International audience; In this paper we venture a new look at the linear isotropic indeterminate couple stress model in the general framework of second gradient elasticity and we propose a new alternative formulation which obeys Cauchy-Boltzmann's axiom of the symmetry of the force stress tensor. For this model we prove the existence of solutions for the equilibrium problem. Relations with other gradient elastic theories and the possibility to switch from a {4th order} (gradient elastic) problem to a 2nd order micromorphic model are also discussed with a view of obtaining symmetric force-stress tensors. It is shown that the indeterminate couple stress model can be written entirely with symmetric force-stress and symmetric couple-stress.
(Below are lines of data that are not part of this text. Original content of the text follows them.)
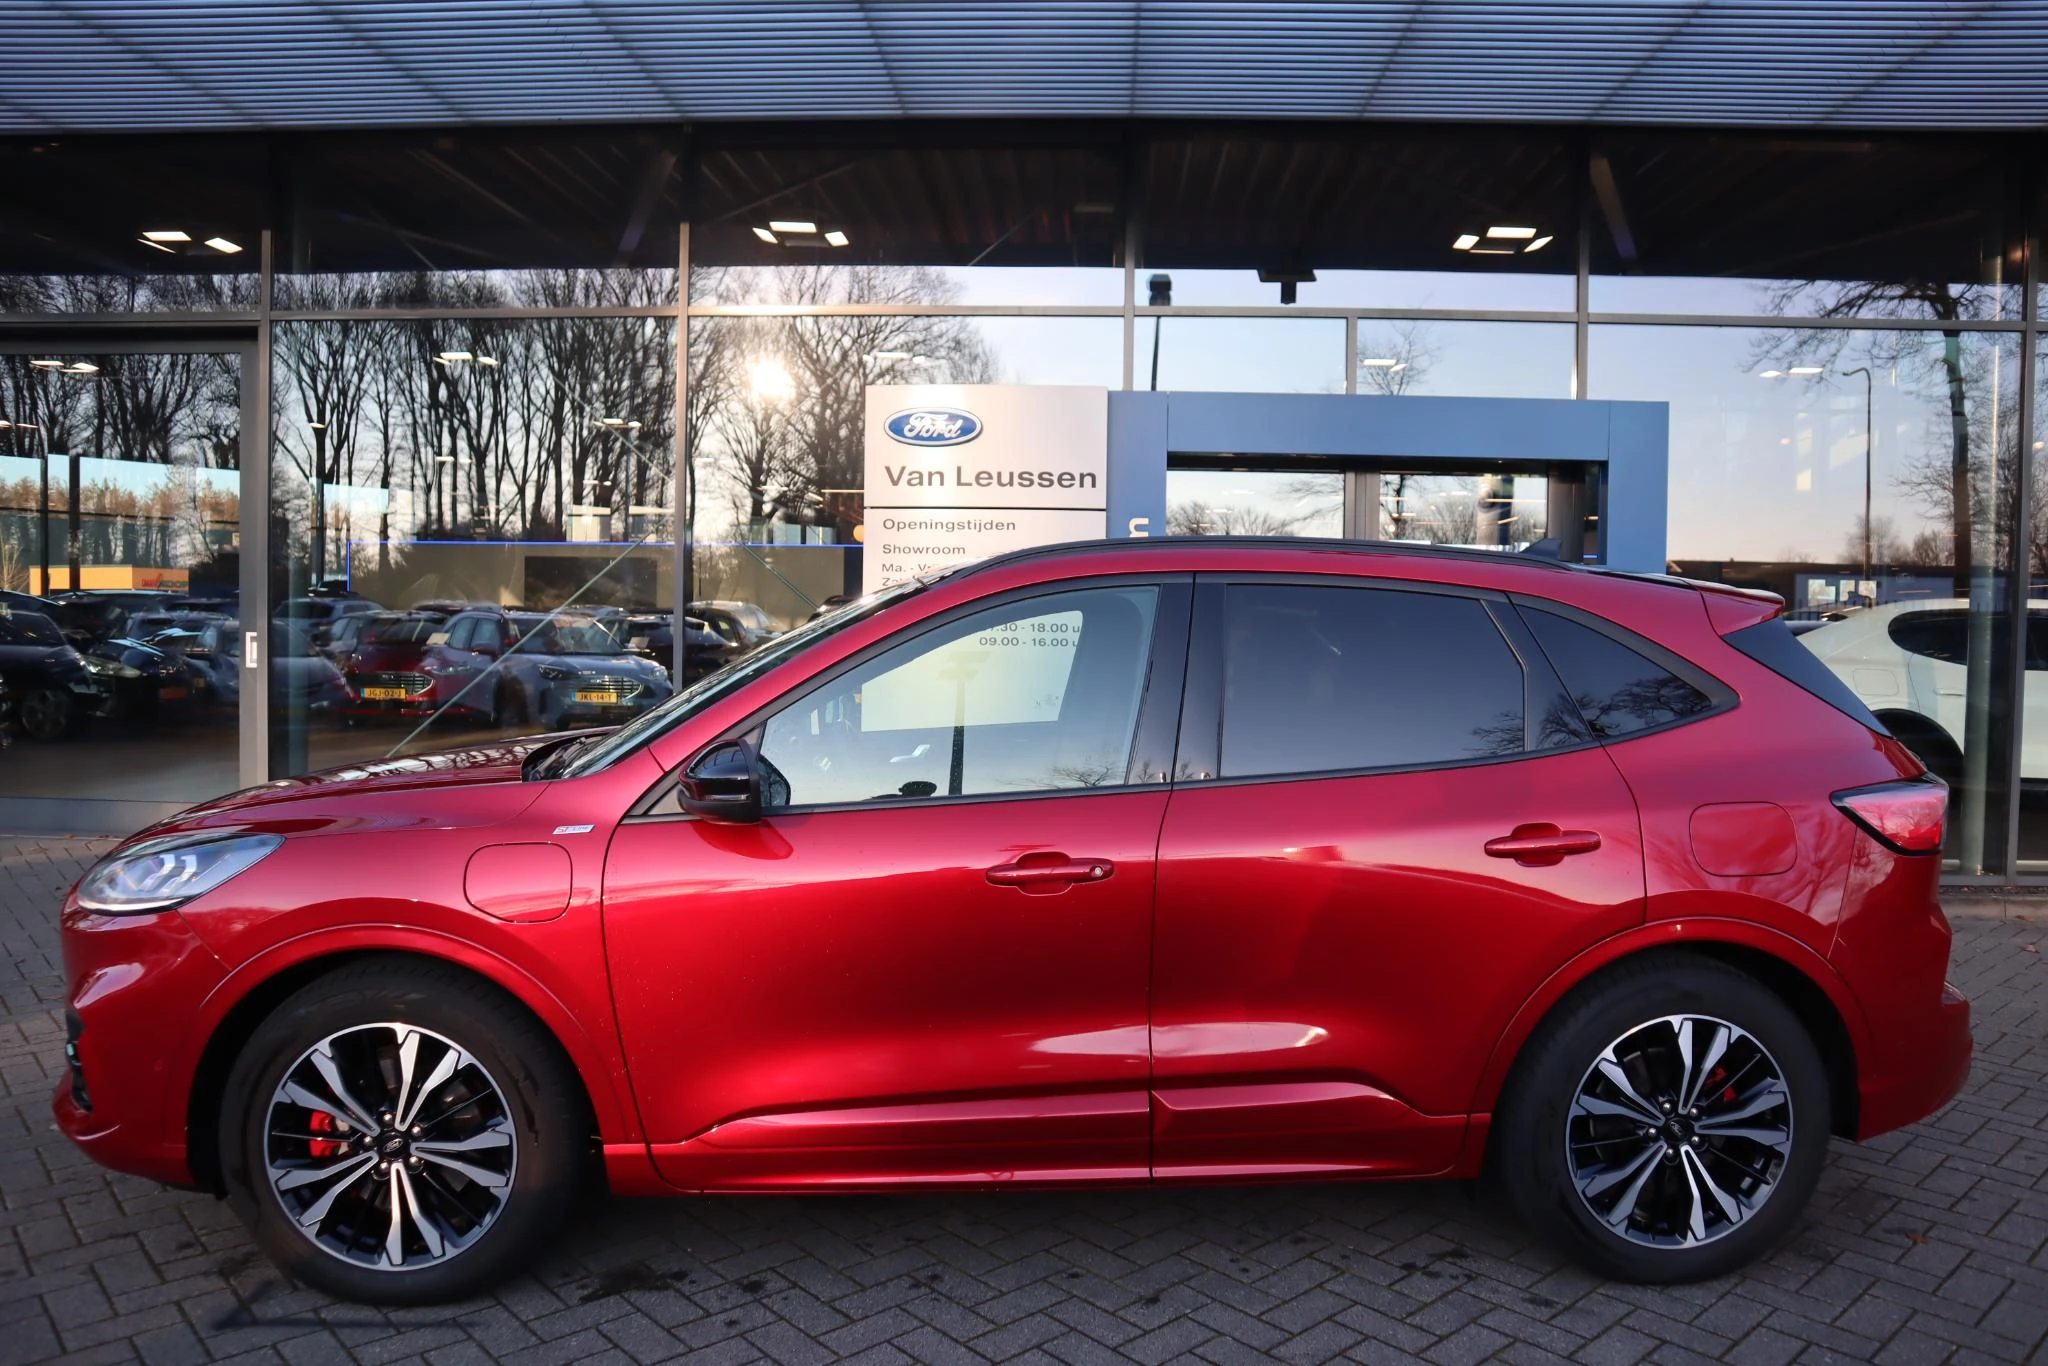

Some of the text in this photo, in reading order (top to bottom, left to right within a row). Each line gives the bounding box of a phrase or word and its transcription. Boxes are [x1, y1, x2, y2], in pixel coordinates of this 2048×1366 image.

[884, 465, 1097, 489] Van Leussen
[882, 518, 1016, 534] Openingstijden
[882, 543, 966, 556] Showroom
[881, 562, 907, 574] Ma.
[1030, 622, 1069, 634] 18.00
[979, 636, 1019, 647] 09.00
[1031, 636, 1069, 648] 16.00
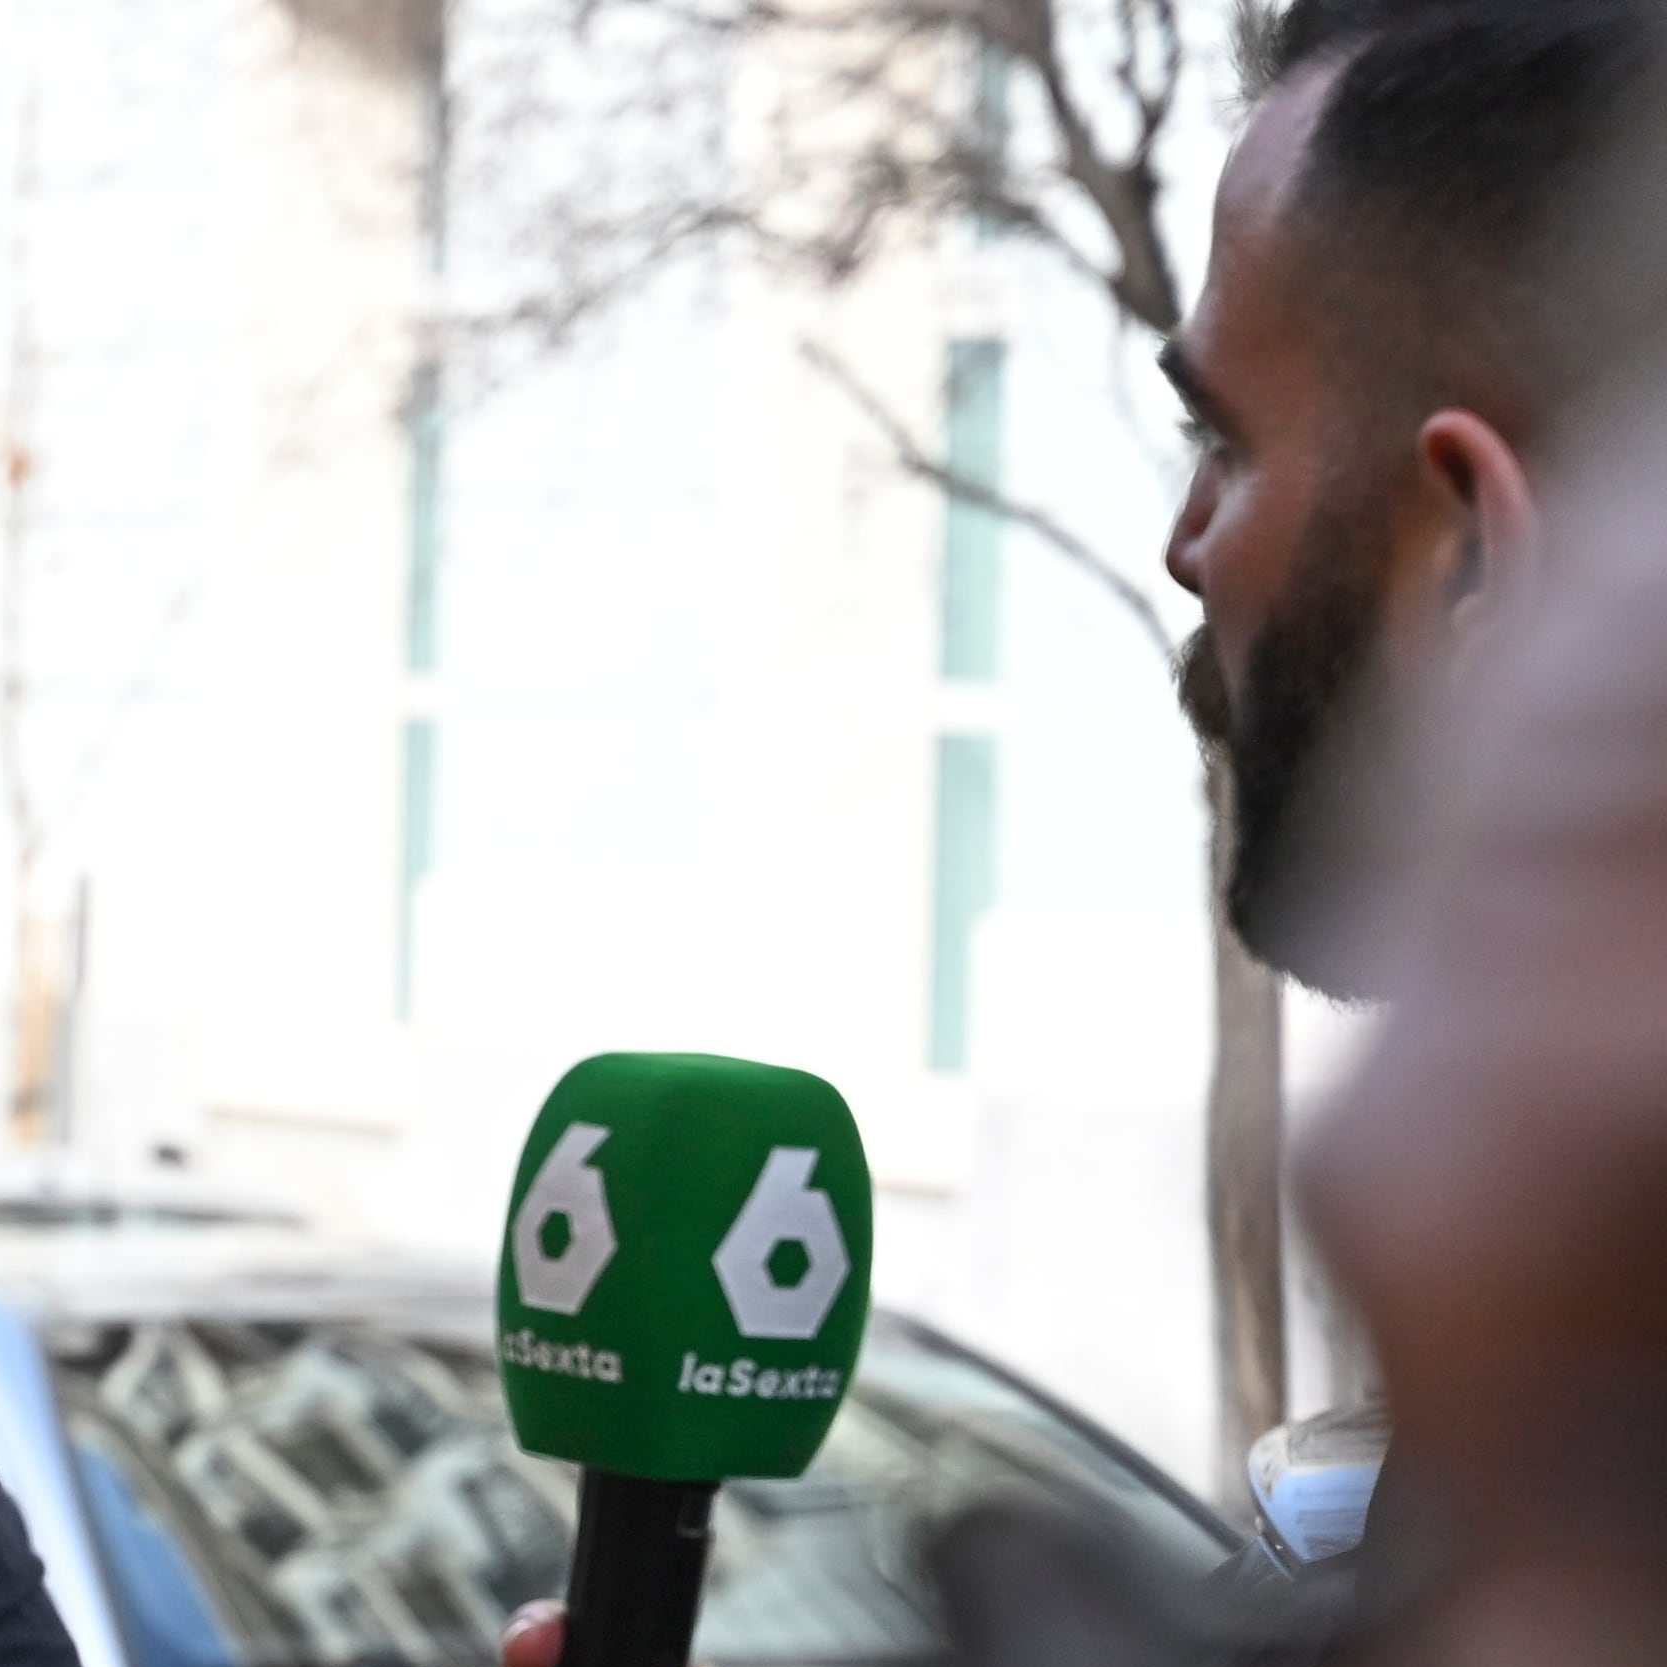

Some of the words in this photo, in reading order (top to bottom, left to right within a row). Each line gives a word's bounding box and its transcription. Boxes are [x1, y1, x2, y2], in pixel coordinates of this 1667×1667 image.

[512, 1121, 618, 1315] 6
[711, 1145, 851, 1340] 6
[678, 1352, 841, 1399] laSexta
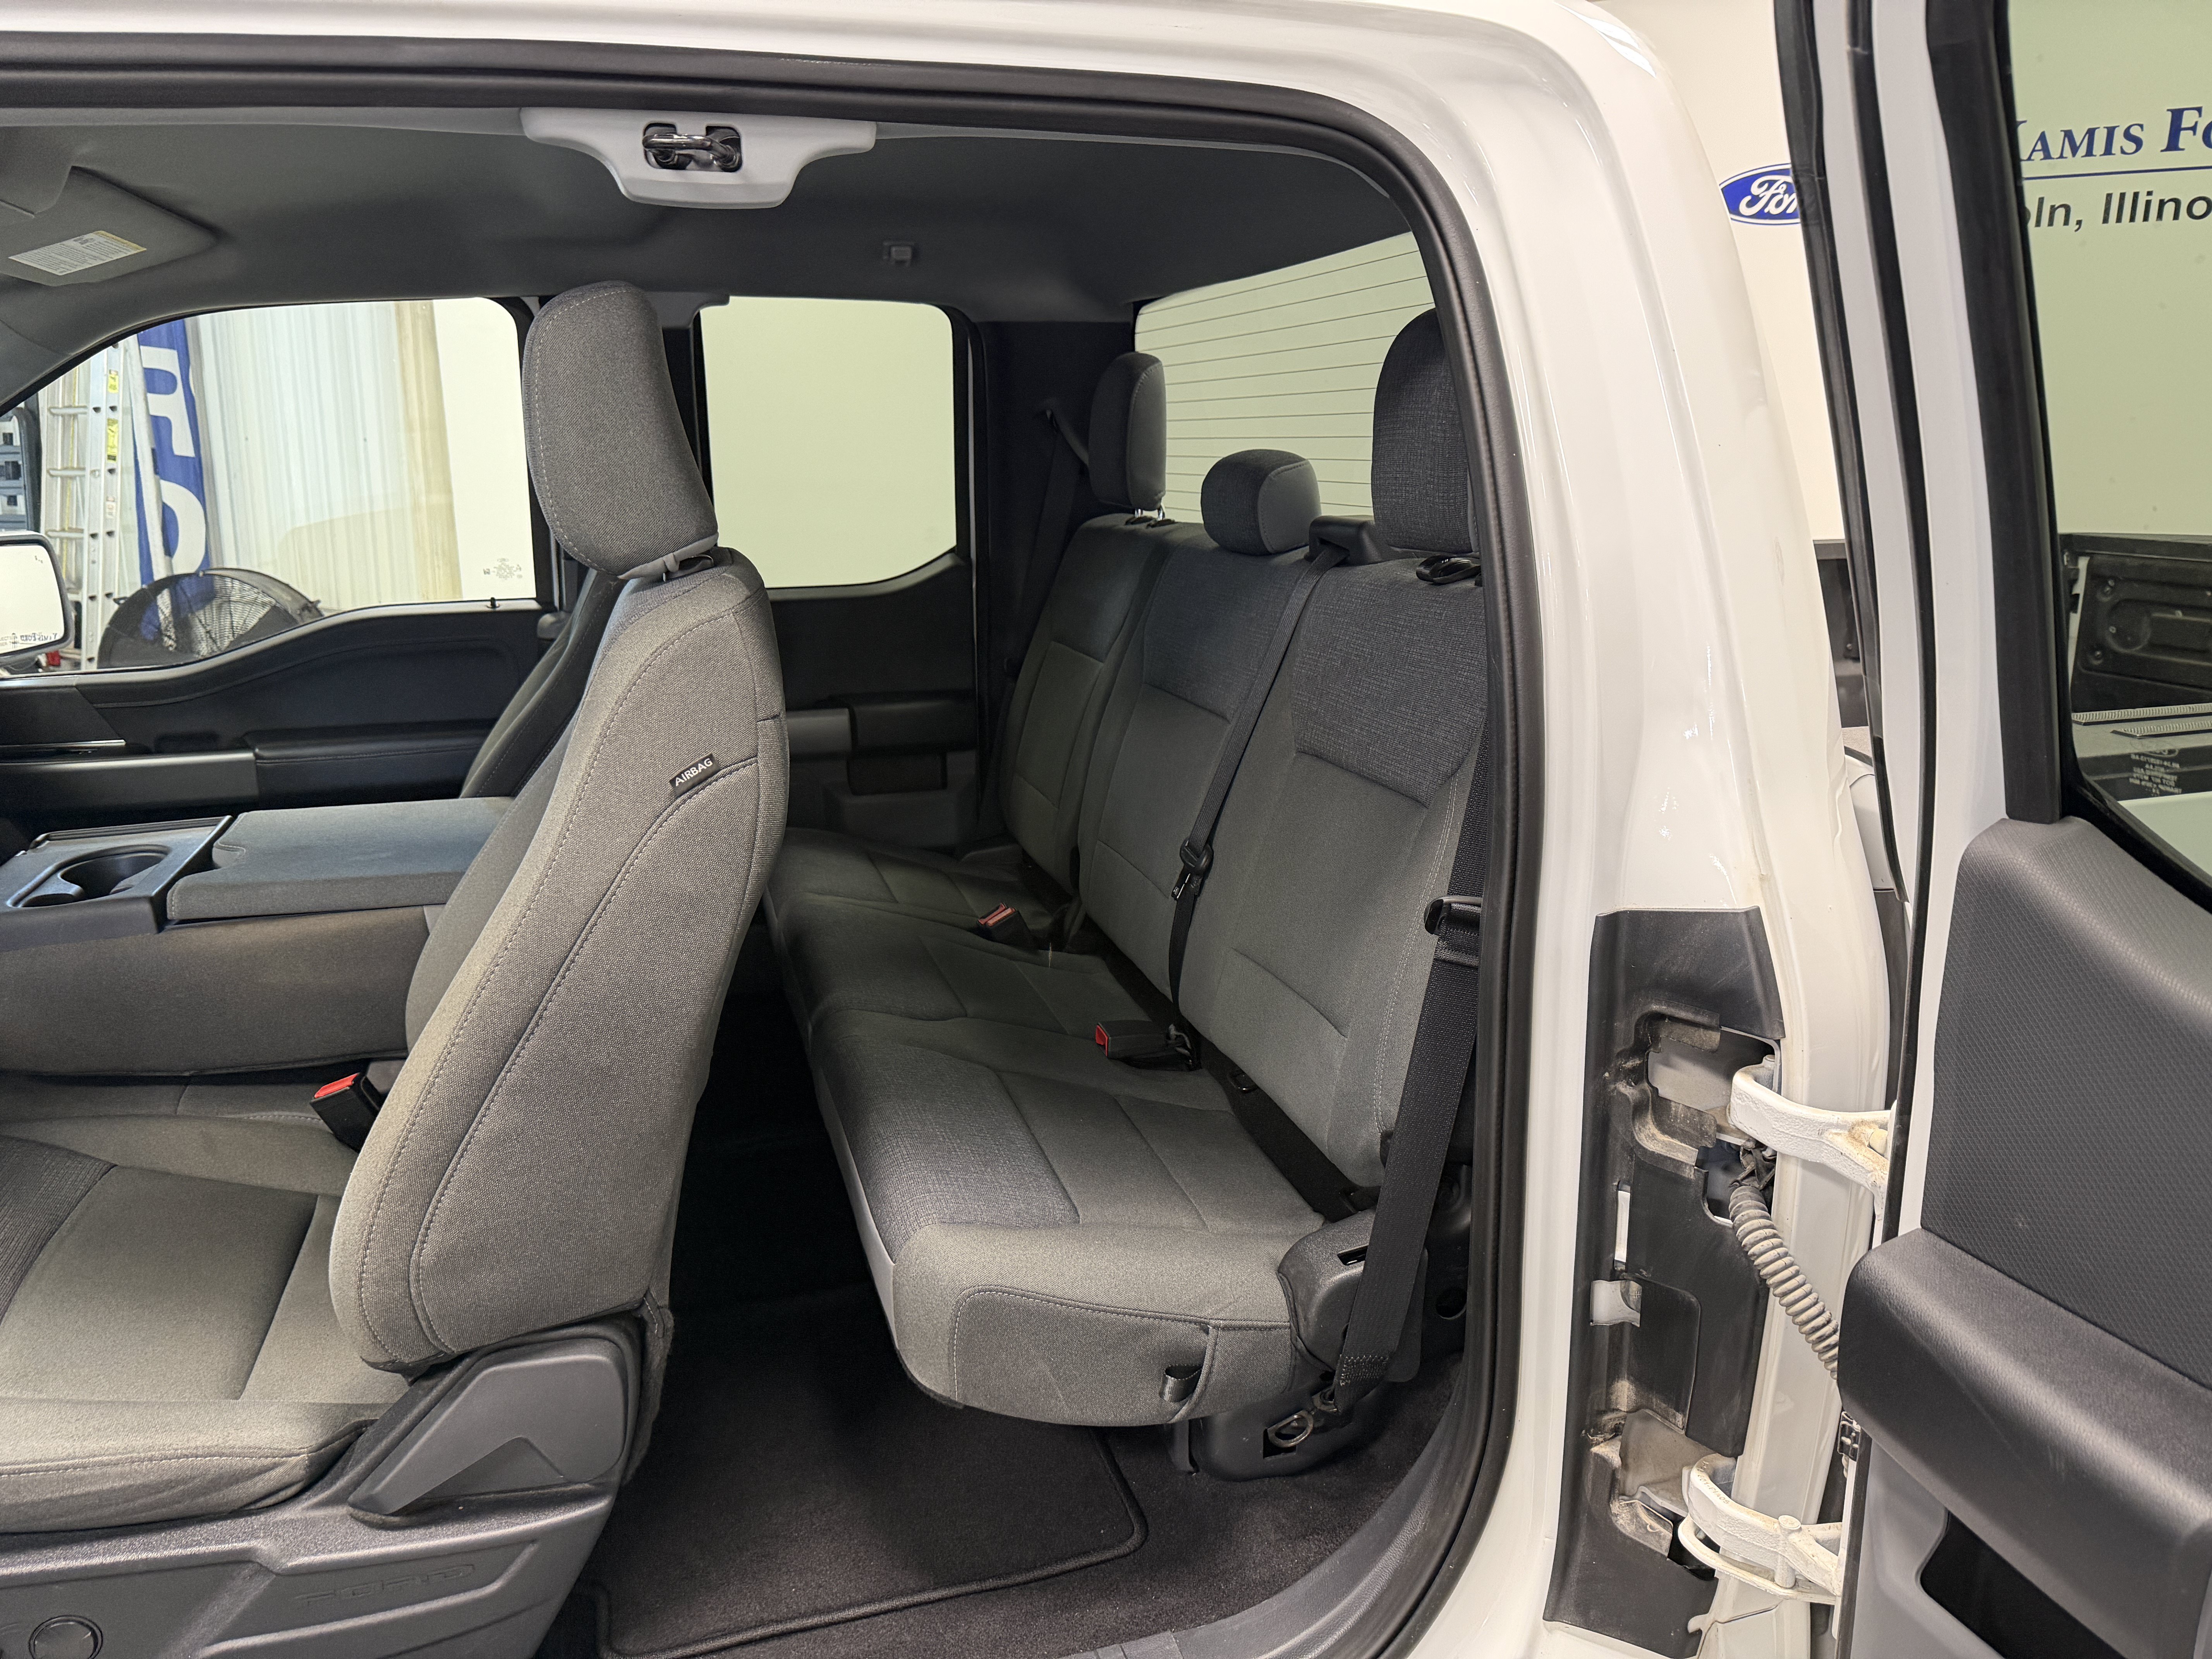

The difference of the alternative models rests in specifying traction boundary conditions of either rotational type or strain type. If rotational type boundary conditions are used in the partial integration, the classical anti-symmetric nonlocal force stress tensor formulation is obtained. Otherwise, the difference in both formulations is only a divergence--free second order stress field such that the field equations are the same, but the traction boundary conditions are different. For these results we employ a novel integrability condition, connecting the infinitesimal continuum rotation and the infinitesimal continuum strain. Moreover, we provide the complete, consistent traction boundary conditions for both models.